This course is not for everybody. It is important that you have a solid knowledge of macroeconomic models taught at the graduate level. If you don't have the right background yet, then it is better to wait a year.
Recommended prerequisites
Solid knowledge of how to solve linear models
Programming experience (preferably in Matlab)
A strong understanding of recursivity (i.e. Bellman equations, state- vs choice variables etc)
You can find some preparation tips here.
This course runs online only. Therefore, if you are accepted and enroll into the course, you will need:
access to Zoom to participate in lectures and computer sessions.
access to Matlab for computer sessions (with the optimization toolbox).
some elements will require Dynare. If you're new to Dynare, make sure to go through the tutorial and example code here (please make sure you are able to run Dynare code before the course starts).
This graduate-level course focusses on three main topics: 1, Nonlinear solution methods, making use of nonlinear equation solvers (such as Newton's method) and functional approximation, with an emphasis on occassionally binding constraints (eg. borrowing constraints); 2, Heterogenous agents models (the Bewley-Hugget-Aiyagari framework, and its descendants); 3, methods in continuous time.
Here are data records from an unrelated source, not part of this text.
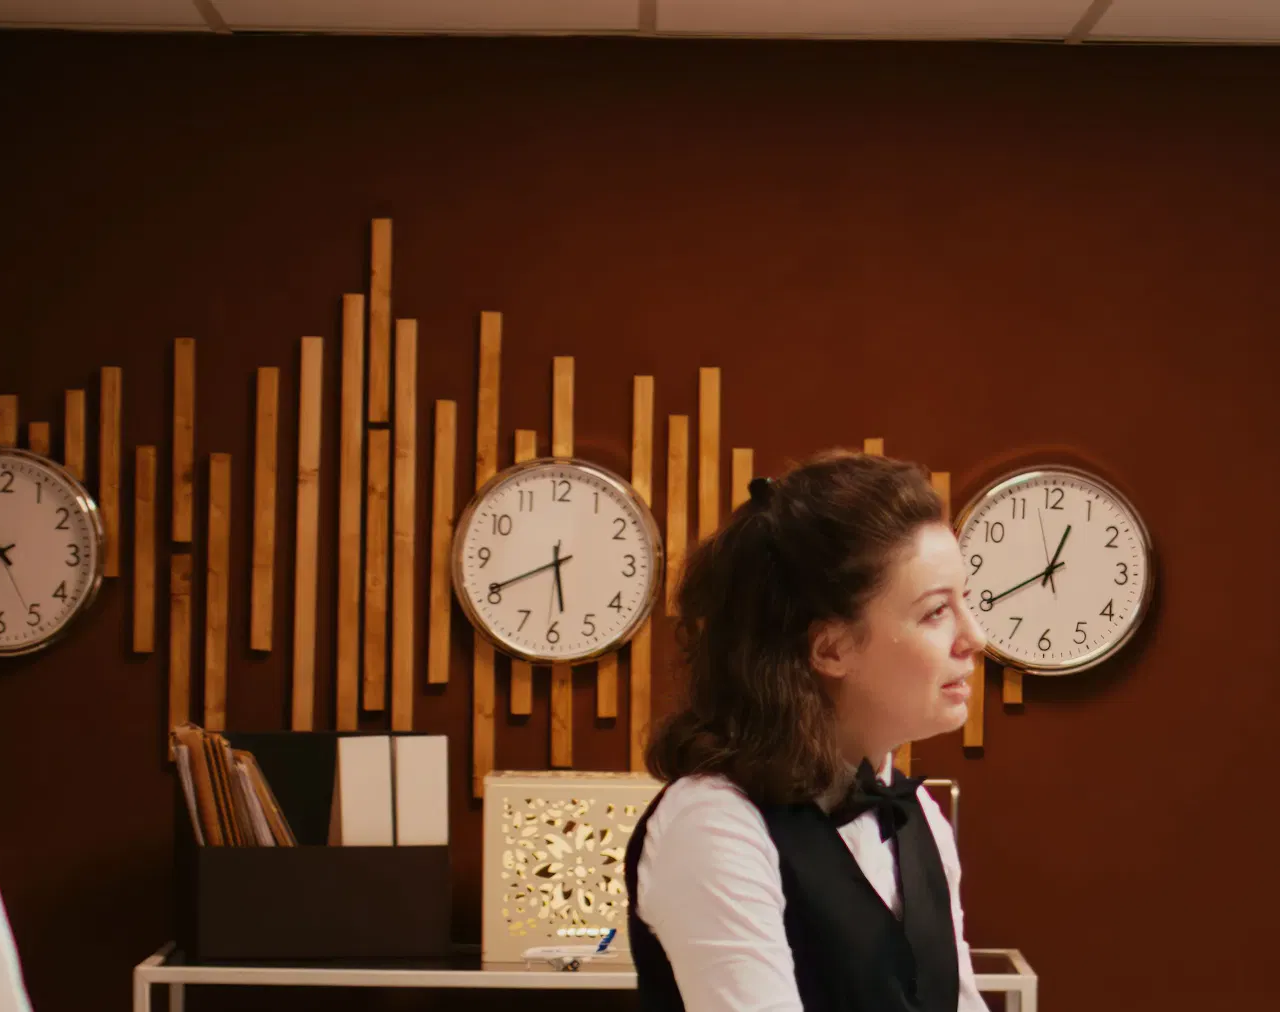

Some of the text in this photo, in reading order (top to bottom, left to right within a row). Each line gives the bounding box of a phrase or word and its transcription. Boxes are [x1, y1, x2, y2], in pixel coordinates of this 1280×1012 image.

[35, 482, 42, 504] 1
[518, 490, 534, 512] 11
[551, 480, 571, 502] 12
[1044, 487, 1065, 510] 12
[593, 492, 599, 515] 1
[1011, 497, 1026, 520] 11
[1086, 500, 1092, 522] 1
[55, 507, 70, 530] 2
[491, 513, 513, 536] 10
[612, 518, 627, 540] 2
[984, 521, 1005, 543] 10
[1104, 526, 1119, 548] 2
[65, 544, 81, 567] 3
[478, 546, 491, 569] 9
[621, 554, 637, 578] 3
[970, 554, 983, 576] 9
[1114, 562, 1129, 586] 3
[51, 580, 68, 603] 4
[487, 582, 502, 605] 8
[607, 590, 623, 614] 4
[979, 589, 994, 612] 8
[26, 603, 41, 627] 5
[517, 609, 532, 632] 7
[1099, 598, 1115, 622] 4
[545, 621, 560, 644] 6
[581, 613, 596, 637] 5
[1009, 617, 1023, 640] 7
[1073, 621, 1088, 645] 5
[1037, 628, 1052, 651] 6
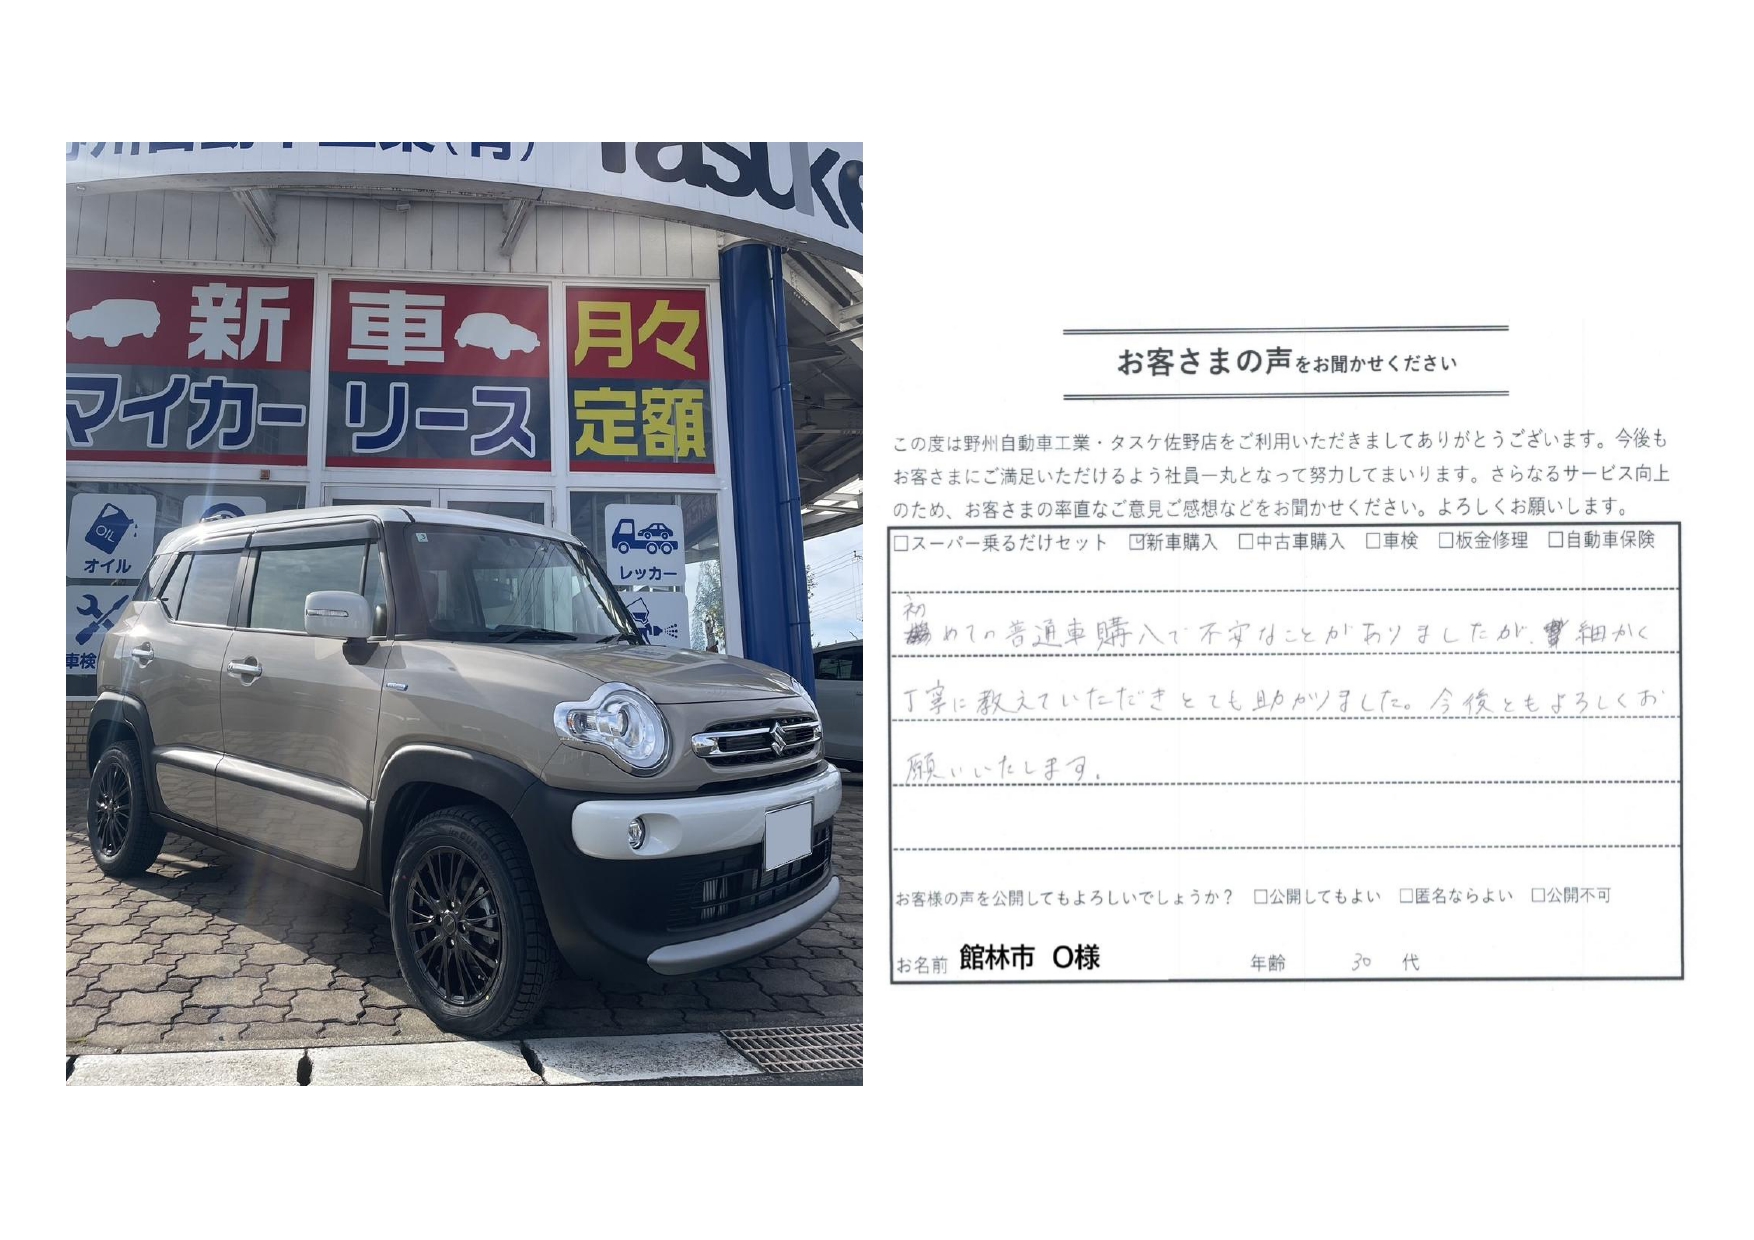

This courses uses Matlab throughout, and is intended for students that have either taken "The Essentials", or students with sufficiently sophisticated background in economics AND numerical methods (ie effectively knowing the material in Essentials).
Monday - Nonlinear solution methods (i)
To solve nonlinear models efficiently, it is common to operate directly on a collection of nonlinear equations. These normally include optimality conditions (first order conditions) alongside with budget constraints, as well as market clearing conditions. To this end, we need to develop an understanding of how to solve nonlinear equations, and how to make use of functional approximations.
Topics
Functional approximations.
Nonlinear equations.
Numerical differentiation and integration.
Exercise
Monday's exercise will involve solving a nonlinear equations with and without a functional approximation.
Tuesday - Nonlinear solution methods (ii)
In this lecture we will focus on how to put the methods explored on Monday into use for economics problems. In particular, we will discuss various methods that operate directly on the optimality conditions (e.g time iteration, projection methods etc), and various improvements (e.g the method of endogenous gridpoints), and how to deal with some common inequality constraints.
Topics
Iterative methods.
Method of endogenous gridpoints.
Inequality constraints.
Exercise
Tuesday's exercise involves solving a stochastic Ramsey growth model with an irreversibility constraint on investment.
Wednesday - Agent heterogeneity
Wednesday's lecture will look at popular algorithms used to solve models with heterogeneous agents. We begin by discussing an algorithm to solve (Bewley-Hugget-Aiyagari-style) heterogeneous agent models without aggregate uncertainty. Next, we discuss how the addition of aggregate uncertainty introduces additional challenges and how we could handle those. In doing so, we touch upon the Krusell-Smith algorithm, simulation methods avoiding sampling uncertainty and algorithms avoiding simulation altogether.
Topics
Bewley-Hugget-Aiyagari model and solution algorithm
Aggregate uncertainty (Krusell and Smith and alternatives)
Simulation methods
Exercise
In Wednesday's assignment you will be asked to solve a heterogeneous firm model with aggregate uncertainty using Dynare.
Thursday - Continuous time (i)
This is the first lecture on continuous time methods and models. To introduce the concept, we will carefully derive the continuous time representation of discrete time models, arriving at the so-called Hamilton-Jacobi-Bellman (HJB) equations. Next, we will discuss some preliminary methods of how to solve these. While these methods are inferior to those presented in the next lecture, they are simple and serve the useful purpose of providing intuition
Topics
Continuous time in representative agent models.
The explicit method.
Search and matching models in continuous time.
Exercise
Thursday's assignment will amount to solving a Mortensen-Pissarides model in continuous time.
Friday - Continuous time (ii)
In the second lecture on continuous time we will start by first introducing a highly efficient method to solving HJB equations, known as the implicit method, and apply this to a standard Ramsey growth model cast in continuous time. Next, we will carefully go through a heterogenous agents model - a la Aiyagari - in continuous time, and illustrate how it can be solved.
Topics
Implicit method
The Aiyagari model in continuous time.
Kolmogorov forward equation.
Exercise
Friday's assignment amounts to solving the Aiagari model in continuous time.